For those that have a number after them, the number roughly indicates the frequency in terms of cycles per day (the exact frequency is given by tidal theory). Some don't have a number. Some of those have a very low frequency, some up to a year.

For a given location, NOAA develops a pair of values for each of those 37 coefficients: A phase and a magnitude. The predicted tidal height at that location at a given time is simply

$$h(t) = \sum_i h_i \cos(\omega_i (t-t_{0,i}) + \phi_i)$$

where ωi is the frequency for the ith coefficient and t0,i is the theoretical time of a peak of that coefficient, both of which are given by tidal theory. Note that this is a mechanistic prediction based on theory plus a locale-specific fit of observations to the theory. It ignores things like weather, which at times can have a significant impact on the tides. (Think hurricane.)

Last edited: Jul 12, 2011
15. Jul 12, 2011

### sophiecentaur

Yes, I agree. But you've got to start somewhere and, after the simple discussion of the forces, the notion of a wave sloshing around the Earth is the next thing to think of. It's only in the Southern Ocean that any such wave could hope to propagate. I wonder . . .

16. Jul 12, 2011

### turbo

Fundy tides are outrageous! When my wife and I took her mother and aunt on a tour of the Maritimes, we managed to time our visit to Hopewell Rocks so that we arrived at low tide and got to walk around on the sea-floor with those "flowerpots" looming above us. It was pretty darned humbling!

http://www.thehopewellrocks.ca/

17. Jul 12, 2011

### Pythagorean

So I guess what you're saying is that the gradient comes more from the distribution of centripetal force across the Earth (i.e, as R away from earth-moon COM system)?

18. Jul 12, 2011

### nasu

19. Jul 12, 2011

### sophiecentaur

Sorry. I don't understand. Could I have it in words of one syllable or less?

20. Jul 12, 2011

### D H

Staff Emeritus
Center of earth, not Earth-Moon CoM.

To me, the easiest way to look at things is to remember that the Earth as a whole is accelerating moonward (and sunward). Because gravitation is a 1/r2, the gravitational acceleration at some point on the surface of the Earth is slightly different than the acceleration of the Earth as a whole.

Mathematically,

$$\vec a_{\mbox{rel}} = G M_{\mbox{moon}} \left(\frac{\vec R - \vec r}{||\vec R-\vec r||^3} - \frac{\vec R}{||\vec R||^3}\right)$$

where R is the vector from the center of the Earth to the center of the Moon and r is the vector from the center of the Earth to some point on the surface of the Earth.

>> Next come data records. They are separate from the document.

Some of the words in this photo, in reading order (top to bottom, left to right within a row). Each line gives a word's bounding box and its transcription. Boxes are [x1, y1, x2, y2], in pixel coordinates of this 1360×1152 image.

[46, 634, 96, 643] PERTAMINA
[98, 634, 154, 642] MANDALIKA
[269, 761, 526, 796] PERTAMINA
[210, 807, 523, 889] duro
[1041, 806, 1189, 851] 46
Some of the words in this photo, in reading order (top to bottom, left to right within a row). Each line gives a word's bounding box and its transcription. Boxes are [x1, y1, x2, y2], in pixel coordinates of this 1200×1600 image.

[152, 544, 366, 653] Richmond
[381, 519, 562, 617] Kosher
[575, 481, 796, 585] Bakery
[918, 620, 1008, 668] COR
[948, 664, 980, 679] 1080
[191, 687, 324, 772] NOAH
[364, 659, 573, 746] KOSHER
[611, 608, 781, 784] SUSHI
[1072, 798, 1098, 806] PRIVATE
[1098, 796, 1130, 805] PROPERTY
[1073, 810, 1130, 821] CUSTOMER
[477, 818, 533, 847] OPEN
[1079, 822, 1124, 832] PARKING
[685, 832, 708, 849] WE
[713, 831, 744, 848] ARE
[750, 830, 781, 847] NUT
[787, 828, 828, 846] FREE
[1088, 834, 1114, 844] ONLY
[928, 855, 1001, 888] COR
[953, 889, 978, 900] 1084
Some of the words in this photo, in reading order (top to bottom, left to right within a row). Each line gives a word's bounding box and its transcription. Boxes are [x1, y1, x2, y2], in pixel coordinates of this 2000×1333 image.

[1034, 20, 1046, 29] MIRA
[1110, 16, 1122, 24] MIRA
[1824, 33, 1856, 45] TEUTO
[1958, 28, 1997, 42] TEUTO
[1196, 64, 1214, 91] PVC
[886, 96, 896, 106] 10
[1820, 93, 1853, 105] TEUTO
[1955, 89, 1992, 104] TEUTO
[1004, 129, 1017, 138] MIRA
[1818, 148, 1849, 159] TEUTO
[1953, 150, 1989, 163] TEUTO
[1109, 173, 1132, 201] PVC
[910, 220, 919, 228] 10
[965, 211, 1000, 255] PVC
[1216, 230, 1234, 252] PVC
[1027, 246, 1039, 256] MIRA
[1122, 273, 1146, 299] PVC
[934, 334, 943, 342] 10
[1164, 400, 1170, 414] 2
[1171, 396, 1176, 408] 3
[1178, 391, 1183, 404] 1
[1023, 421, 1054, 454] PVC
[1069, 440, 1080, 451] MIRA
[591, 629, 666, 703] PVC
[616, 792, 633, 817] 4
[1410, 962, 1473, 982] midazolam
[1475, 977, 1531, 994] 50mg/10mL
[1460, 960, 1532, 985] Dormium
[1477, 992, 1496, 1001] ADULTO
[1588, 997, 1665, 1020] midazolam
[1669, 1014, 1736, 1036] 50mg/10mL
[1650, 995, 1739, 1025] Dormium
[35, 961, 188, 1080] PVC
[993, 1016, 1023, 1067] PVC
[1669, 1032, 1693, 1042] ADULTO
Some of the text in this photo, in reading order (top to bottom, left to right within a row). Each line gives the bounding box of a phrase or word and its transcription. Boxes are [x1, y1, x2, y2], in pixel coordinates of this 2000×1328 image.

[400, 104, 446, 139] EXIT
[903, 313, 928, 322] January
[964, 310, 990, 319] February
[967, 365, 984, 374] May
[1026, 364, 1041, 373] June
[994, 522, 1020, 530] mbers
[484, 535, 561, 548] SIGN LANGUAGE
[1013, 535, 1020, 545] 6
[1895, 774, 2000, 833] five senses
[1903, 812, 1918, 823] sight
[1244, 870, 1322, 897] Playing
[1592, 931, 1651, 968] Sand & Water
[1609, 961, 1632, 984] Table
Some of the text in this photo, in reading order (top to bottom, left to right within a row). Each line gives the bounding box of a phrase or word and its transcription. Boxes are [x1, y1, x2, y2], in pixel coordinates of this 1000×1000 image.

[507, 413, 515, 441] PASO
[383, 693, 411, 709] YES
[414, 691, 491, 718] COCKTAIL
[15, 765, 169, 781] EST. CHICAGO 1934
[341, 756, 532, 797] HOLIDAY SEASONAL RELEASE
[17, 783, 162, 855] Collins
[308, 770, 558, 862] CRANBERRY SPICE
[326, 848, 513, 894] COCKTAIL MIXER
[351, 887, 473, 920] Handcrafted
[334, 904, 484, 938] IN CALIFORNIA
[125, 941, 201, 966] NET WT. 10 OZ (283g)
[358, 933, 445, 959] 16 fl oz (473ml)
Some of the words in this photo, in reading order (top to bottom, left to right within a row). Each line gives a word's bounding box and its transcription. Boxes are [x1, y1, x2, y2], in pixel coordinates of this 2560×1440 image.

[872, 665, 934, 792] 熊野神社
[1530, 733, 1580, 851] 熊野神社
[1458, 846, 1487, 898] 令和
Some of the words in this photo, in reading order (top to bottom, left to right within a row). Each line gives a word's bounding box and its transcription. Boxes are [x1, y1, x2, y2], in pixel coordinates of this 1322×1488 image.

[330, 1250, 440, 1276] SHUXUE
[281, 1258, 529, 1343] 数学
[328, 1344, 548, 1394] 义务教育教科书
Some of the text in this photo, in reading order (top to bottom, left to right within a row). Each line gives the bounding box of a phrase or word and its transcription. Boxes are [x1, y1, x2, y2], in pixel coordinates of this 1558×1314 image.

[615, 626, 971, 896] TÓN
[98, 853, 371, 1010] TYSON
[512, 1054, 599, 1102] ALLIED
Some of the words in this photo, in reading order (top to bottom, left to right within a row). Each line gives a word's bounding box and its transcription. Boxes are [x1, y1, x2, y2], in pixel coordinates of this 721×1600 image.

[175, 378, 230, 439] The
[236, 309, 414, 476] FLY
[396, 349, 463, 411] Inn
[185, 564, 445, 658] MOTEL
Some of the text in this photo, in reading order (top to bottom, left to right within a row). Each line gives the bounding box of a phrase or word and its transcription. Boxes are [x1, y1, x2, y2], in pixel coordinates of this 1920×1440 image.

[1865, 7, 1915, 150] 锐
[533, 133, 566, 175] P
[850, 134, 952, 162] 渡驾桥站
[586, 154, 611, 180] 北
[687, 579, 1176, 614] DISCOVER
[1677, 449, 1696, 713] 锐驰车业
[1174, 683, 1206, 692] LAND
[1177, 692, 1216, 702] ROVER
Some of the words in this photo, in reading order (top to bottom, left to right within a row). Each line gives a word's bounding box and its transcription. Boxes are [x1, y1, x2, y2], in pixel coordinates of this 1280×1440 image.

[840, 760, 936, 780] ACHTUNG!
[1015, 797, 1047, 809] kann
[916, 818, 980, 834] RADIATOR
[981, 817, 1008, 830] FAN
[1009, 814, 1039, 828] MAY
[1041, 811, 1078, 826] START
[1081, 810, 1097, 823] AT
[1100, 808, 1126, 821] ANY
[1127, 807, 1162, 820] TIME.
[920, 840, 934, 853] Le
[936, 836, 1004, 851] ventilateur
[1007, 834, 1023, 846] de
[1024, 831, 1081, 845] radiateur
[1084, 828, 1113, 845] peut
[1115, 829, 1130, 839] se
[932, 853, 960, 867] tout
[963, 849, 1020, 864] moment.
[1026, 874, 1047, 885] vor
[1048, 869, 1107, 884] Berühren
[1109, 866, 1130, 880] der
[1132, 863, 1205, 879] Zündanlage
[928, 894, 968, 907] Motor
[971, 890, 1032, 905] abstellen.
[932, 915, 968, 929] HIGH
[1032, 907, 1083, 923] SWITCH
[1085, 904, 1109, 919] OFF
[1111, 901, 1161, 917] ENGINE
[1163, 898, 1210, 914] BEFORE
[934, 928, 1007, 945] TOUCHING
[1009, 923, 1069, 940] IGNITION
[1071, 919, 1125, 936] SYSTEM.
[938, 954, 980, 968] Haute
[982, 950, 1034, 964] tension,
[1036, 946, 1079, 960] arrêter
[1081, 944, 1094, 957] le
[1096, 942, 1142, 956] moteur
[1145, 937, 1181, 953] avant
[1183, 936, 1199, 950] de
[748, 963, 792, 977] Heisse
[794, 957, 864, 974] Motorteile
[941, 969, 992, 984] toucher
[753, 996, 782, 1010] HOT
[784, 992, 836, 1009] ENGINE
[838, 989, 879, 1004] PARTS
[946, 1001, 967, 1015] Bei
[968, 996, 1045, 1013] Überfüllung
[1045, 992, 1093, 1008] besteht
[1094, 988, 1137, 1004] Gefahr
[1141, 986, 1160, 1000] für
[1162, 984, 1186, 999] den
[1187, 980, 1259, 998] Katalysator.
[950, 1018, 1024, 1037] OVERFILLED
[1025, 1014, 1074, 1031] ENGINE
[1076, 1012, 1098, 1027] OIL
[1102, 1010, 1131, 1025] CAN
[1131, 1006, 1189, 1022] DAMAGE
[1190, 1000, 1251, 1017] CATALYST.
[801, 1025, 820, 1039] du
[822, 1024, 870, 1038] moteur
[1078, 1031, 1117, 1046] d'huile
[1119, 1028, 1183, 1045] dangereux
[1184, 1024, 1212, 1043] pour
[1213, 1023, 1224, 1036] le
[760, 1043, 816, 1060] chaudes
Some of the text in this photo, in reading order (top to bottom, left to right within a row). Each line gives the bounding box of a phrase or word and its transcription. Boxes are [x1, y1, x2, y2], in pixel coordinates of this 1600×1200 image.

This simplifies when these two vectors are parallel to

$$\vec a_{\mbox{rel}} = G M_{\mbox{moon}} \left(\frac{R - r}{(R-r)^3} - \frac{R}{R^3}\right) \approx G M_{\mbox{moon}}\frac {2r}{R^3}$$

When the vectors are antiparallel this simplifies to

$$\vec a_{\mbox{rel}} = -\,G M_{\mbox{moon}} \left(\frac{R + r}{(R+r)^3} - \frac{R}{R^3}\right) \approx \,G M_{\mbox{moon}}\frac {2r}{R^3}$$

In both cases a positive value means "in the direction of r" -- in other words, outward (away from the center of the Earth). The omitted terms are on the order of the included term times r/R times some near unity number, so very small.

21. Jul 12, 2011

### nasu

As they are shown only for about two days, they are both. Or it's hard to say. Taking Boston, on July 11-12 as an example, the smaller maxima are in the morning (around 9-10 AM, it's hard to read the graphs) and the larger ones in the evening (9-10 PM).
If I remember correctly, last night the moon was about 3/4 and increasing in size so it rises near evening time. So the moon will be up during the first part of the night and this is pretty much the situation for both days. The Moon will be high in the sky during the evening tide and on the other side of the Earth during the morning tide.
This is a direct link to the data for Boston:
http://tidesonline.nos.noaa.gov/plotcomp.shtml?station_info=8443970+Boston,+MA+&flag=0

Here I found a program to calculate the tides for many locations around the world
http://www.sailingusa.info/tides.htm [Broken]
I looked only at a few locations in the English channel (French side). It looks a little more complicated. Maybe due to local configuration.

Last edited by a moderator: May 5, 2017
22. Jul 12, 2011

### turbo

Local configuration can be critical, as in the Bay of Fundy situation. Width-restriction and slope of the sea-bottom can result in massive tidal variations. These large variations helped settlers on the west shore of Nova Scotia to flush salt out of salt-marshes very quickly with their clever dikes and flapper-valves, using local streams to rinse out the salt.

23. Jul 12, 2011

### D H

Staff Emeritus
That is just a function of the fact that tides in Boston are a function of the principal lunar semidiurnal (M2) plus, to a lesser extent, the larger lunar elliptic semidiurnal (N2), principal solar semidiurnal (S2), and the two lunar diurnal terms (K1 and O1). The relation between the smaller and larger maxima will vary over the month, year, and even longer. It is similar to the concept of beats in acoustics (wiki: http://en.wikipedia.org/wiki/Beat_(acoustics)).

This site specifies harmonic constituents of the tides for Boston: http://co-ops.nos.noaa.gov/data_menu.shtml?stn=8443970%20Boston,%20MA&type=Harmonic%20Constituents [Broken]

Last edited by a moderator: May 5, 2017
24. Jul 12, 2011

### nasu

This make sense. Using that program that I mentioned I saw that the relationship changes over longer periods of time.

Last edited by a moderator: May 5, 2017